Building Workers · Labor Agreement · NYC Real Estate · Strike Averted
Union leaders representing 34,000 New York City apartment building workers, including doorpersons and superintendents, reached a tentative contract agreement with private building owners, averting a strike that would have impacted 1.5 million residents and securing pay raises and a 15% pension boost.
This deal, announced by union President Manny Pastreich, came just days before the existing contract with the Realty Advisory Board on Labor Relations was set to expire. The agreement includes a rise in average annual wages for a doorperson or porter from $62,000 to $71,000 over four years, alongside a new training program designed to accelerate future hires' wage progression.
Building owners, represented by Howard Rothschild, conceded on proposals to introduce health insurance premiums for employees and create a lower-paid job classification for new hires. In return, owners received a break on some payments into a health fund with a built-up reserve.

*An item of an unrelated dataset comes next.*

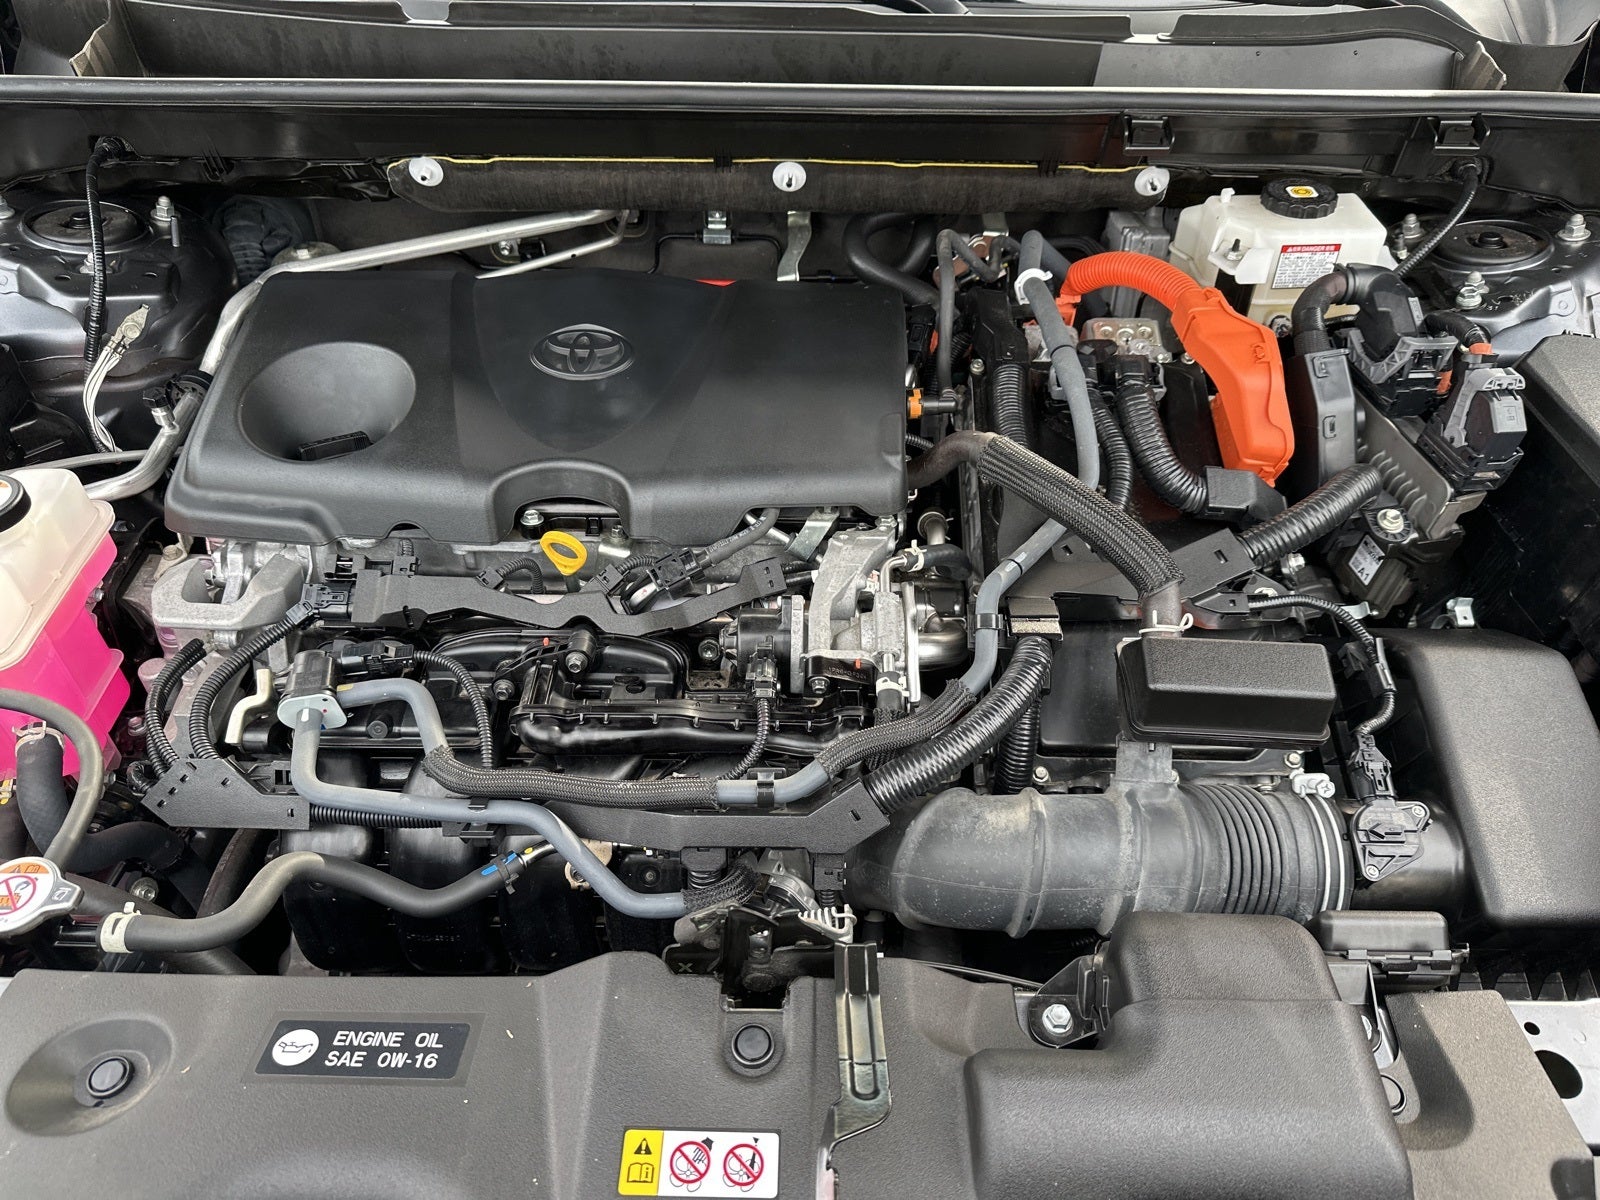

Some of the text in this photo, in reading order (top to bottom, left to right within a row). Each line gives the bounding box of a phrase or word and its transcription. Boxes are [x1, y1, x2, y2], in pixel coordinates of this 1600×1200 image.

[332, 1030, 444, 1049] ENGINE OIL
[324, 1051, 439, 1069] SAE 0W-16

Negotiations were tense, with the union citing members' struggles with New York-area bills against owners' sharply rising rents for market-rate apartments. Owners countered by highlighting their own rising costs and the potential rent freeze on 1 million rent-stabilized apartments, an idea championed by Mayor Zohran Mamdani.
Workers will vote on the tentative agreement by May 28; a strike would have been the first in 35 years, with the last one in 1991 lasting 12 days.